Better tracking and reporting of emissions reduction
Blockchain technology can ensure more transparency around greenhouse gas emissions and make it easier to track and report reduction emissions, addressing possible double counting issues. It could serve as a tool to monitor the progress made in implementing the Nationally Determined Contributions under the Paris Agreement. As Massamba Thioye, a co-Chair of the Climate Chain Coalition, and Manager, Regulatory Framework Implementation sub-division, Mitigation division at UN Climate Change, says: “In climate policy making, transparent measurement, reporting and verification of climate action is important. It enables policymakers to understand where they need to incentivize greenhouse gas emission reductions while being confident that they comply with the requirements set in its standards.”
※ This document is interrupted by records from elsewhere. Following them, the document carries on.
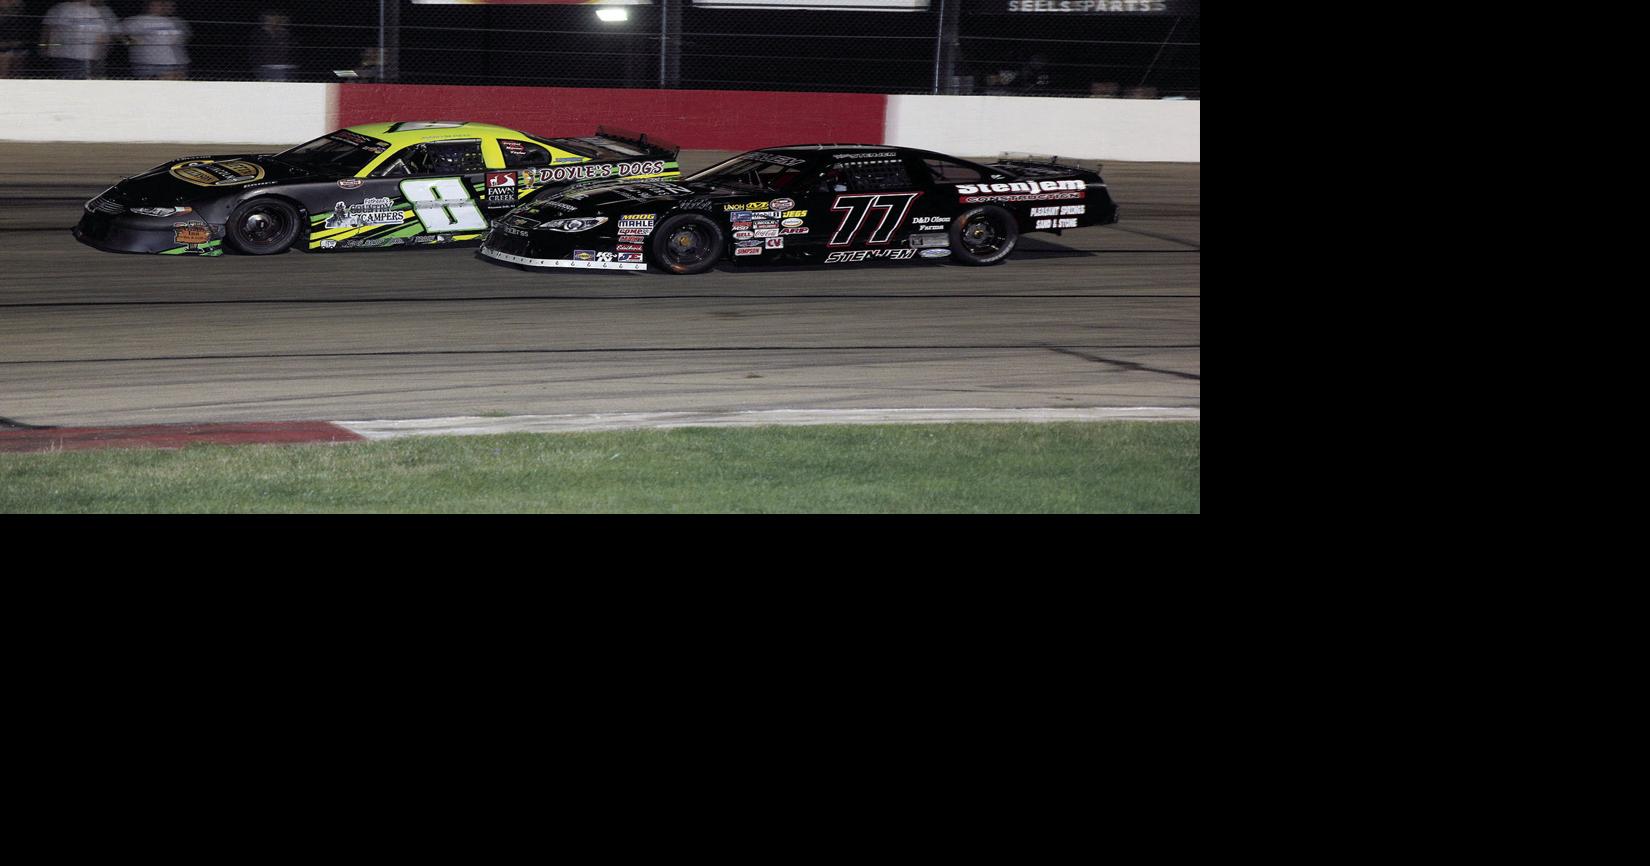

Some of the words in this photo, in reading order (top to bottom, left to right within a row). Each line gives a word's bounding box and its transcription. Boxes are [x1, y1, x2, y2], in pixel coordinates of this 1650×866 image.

[540, 165, 612, 182] DOYLE'S
[618, 161, 665, 176] DOGS
[488, 187, 515, 195] FAWN
[955, 180, 1086, 194] Stenjem
[966, 192, 1081, 203] CONSTRUCTION
[361, 211, 404, 221] CAMPERS
[782, 210, 808, 218] JEGS
[1030, 206, 1060, 217] PLEASANT
[826, 192, 924, 249] 77
[767, 239, 781, 247] CV
[824, 248, 918, 264] STENJEM
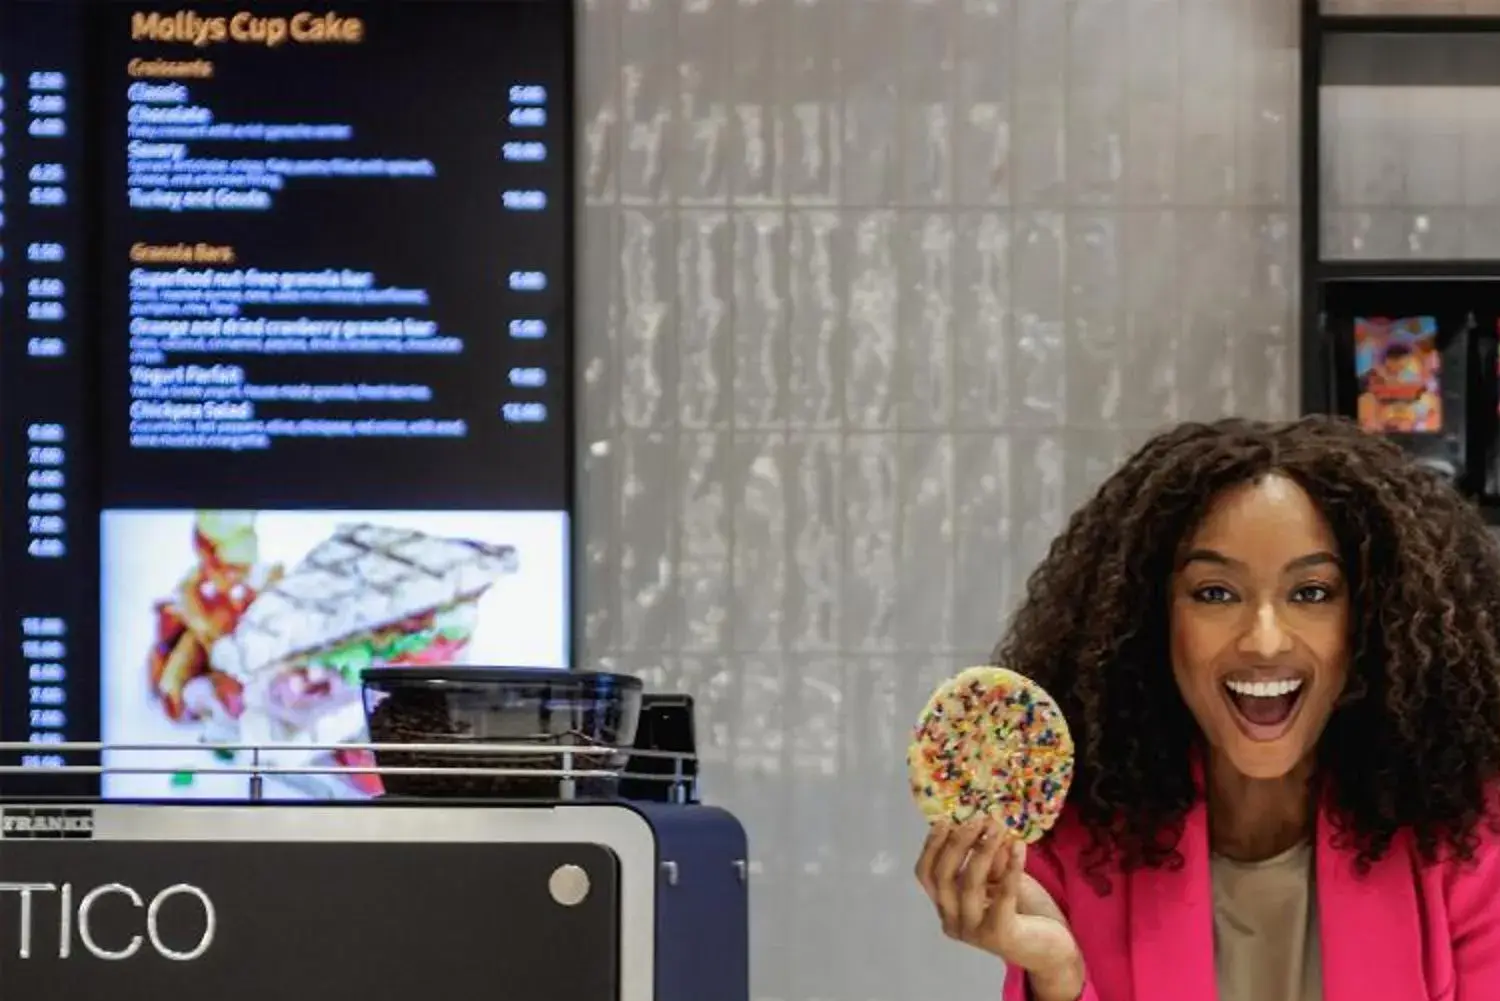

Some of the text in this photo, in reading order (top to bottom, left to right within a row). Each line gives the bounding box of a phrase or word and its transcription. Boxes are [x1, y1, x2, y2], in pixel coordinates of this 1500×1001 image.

[131, 10, 365, 47] Mollys Cup Cake
[128, 58, 214, 78] Croissants
[128, 82, 188, 103] Classic
[128, 104, 213, 124] Chocolate
[128, 140, 188, 162] Savory
[128, 188, 272, 212] Turkey and Gouda
[129, 242, 236, 264] Granola Bars
[129, 267, 213, 288] Superfood
[279, 268, 340, 292] granola
[340, 268, 375, 289] bar
[129, 317, 440, 340] Orange and dried cranberry granola bar
[129, 364, 245, 388] Yogurt Parfait
[129, 400, 254, 423] Chickpea Salad
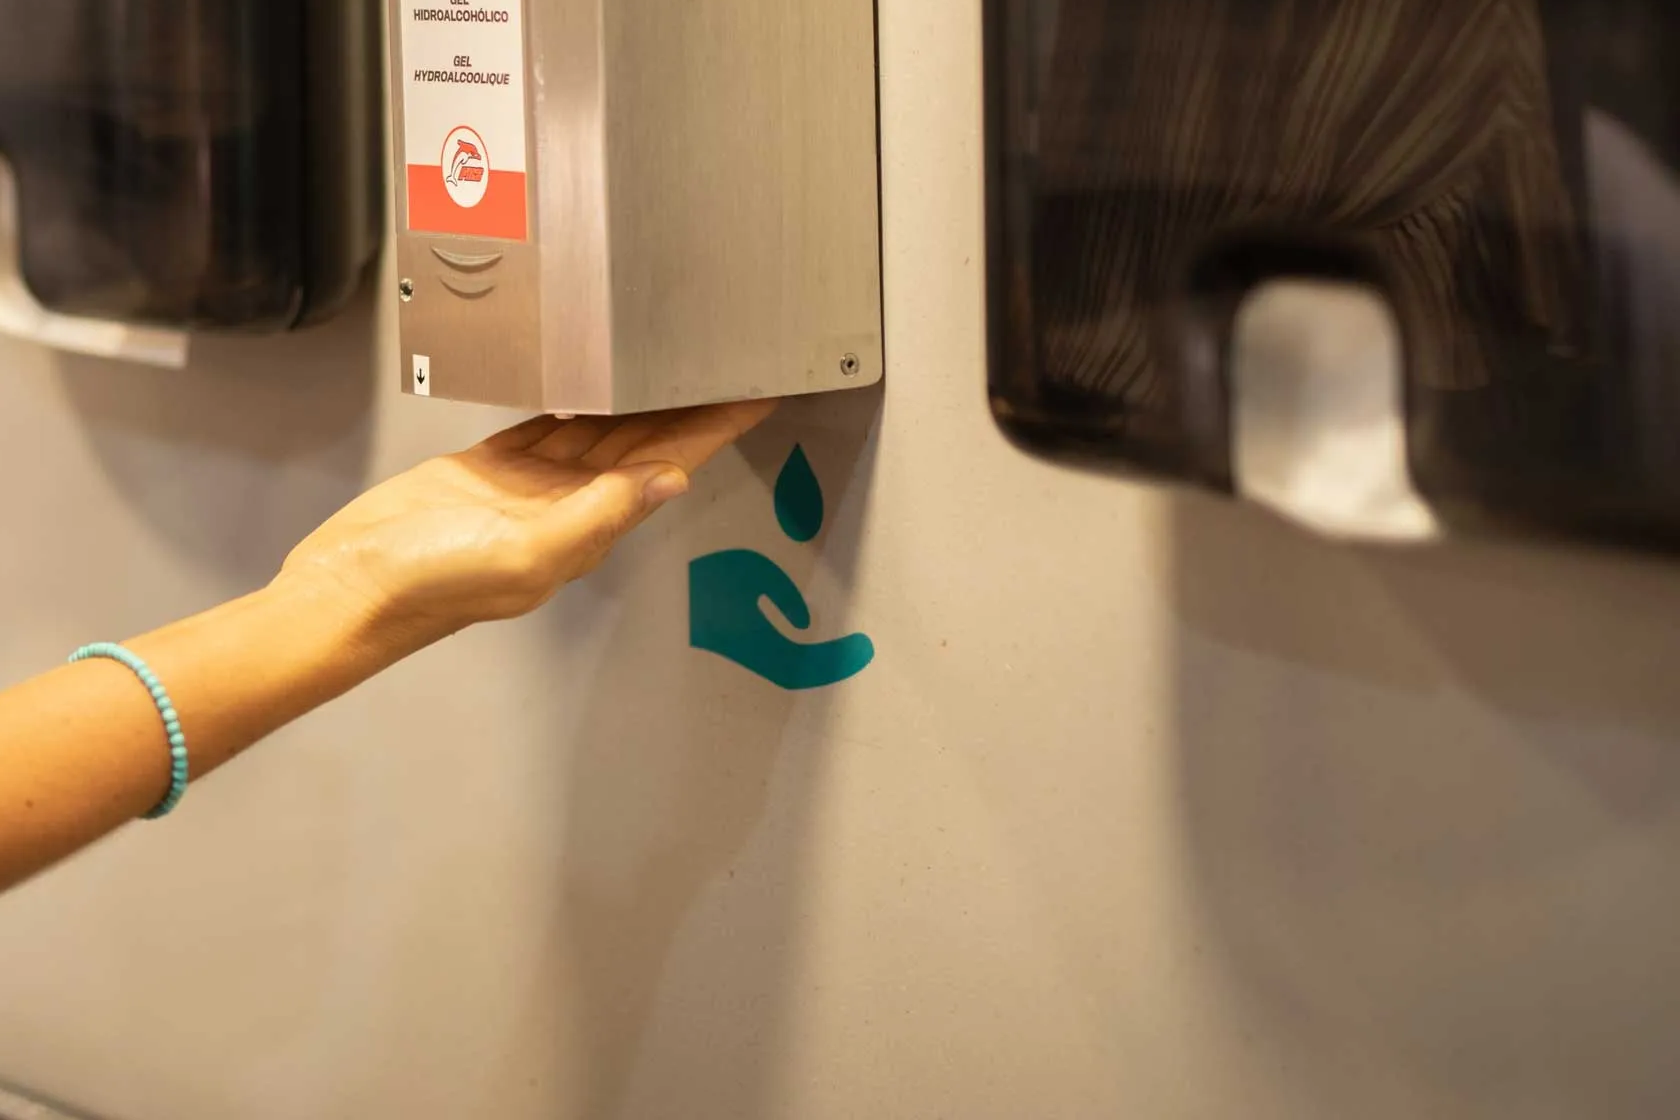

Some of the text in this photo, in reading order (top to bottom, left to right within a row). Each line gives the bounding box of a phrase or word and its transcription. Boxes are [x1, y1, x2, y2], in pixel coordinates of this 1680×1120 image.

How is it mined and why is it bad?
Cryptocurrency mining occurs when a computer solves a number of math equations, and obtains some cryptocurrency in return. The more powerful the computer, the more calculations per second it can make, increasing the chances of making the right one, solving the equation, and earning bitcoin. What this means in practice is lots of extremely high-powered computers solving equations, and lots and lots of electricity used. Some ‘miners’ even connect whole warehouses full of computers to the network, in order to increase their chances of earning bitcoin. This obviously uses a lot of power: a study from the University of Cambridge in February revealed that bitcoin consumes more electricity than Argentina. This is still a fraction of what the internet uses in total, with data centres and data transmission centres, which power the internet totaling 2 per cent of global internet use in 2019. Of course, how big the emissions from cryptocurrency are is dependent on where in the world you live. Someone mining bitcoin in say, Northern China, will more than likely be using electricity from coal-powered plants. And with bitcoin mining emissions in China predicted to reach 130 million tonnes by 2024, that’s a serious issue, particularly given the fact China has committed to achieving net zero carbon emissions by 2060.
Can anything be done to alleviate emissions right now?
Yes, there are ways that emissions from mining can be reduced. Take for example, Genesis Mining, an Icelandic company which enables crypto mining in the cloud and uses 100 per cent renewable energy to power its computers. Indeed, if everyone mining crypto was connected to an electricity grid that uses 100 per cent renewable energy, there wouldn’t be a problem. However, as we know, we are far from that scenario: 28 per cent of global electricity came from renewable sources in the first quarter of 2020, although that figure is expected to rise to 45 per cent by 2040.
What is likely to happen in the future?
Expect the blockchain to become “as ubiquitous as the internet,” according to Thioye. “The internet is central to data transfer, but the blockchain is central to value transfer,” he says. Unfortunately, the issues around cryptocurrency mining are likely to remain for some time too.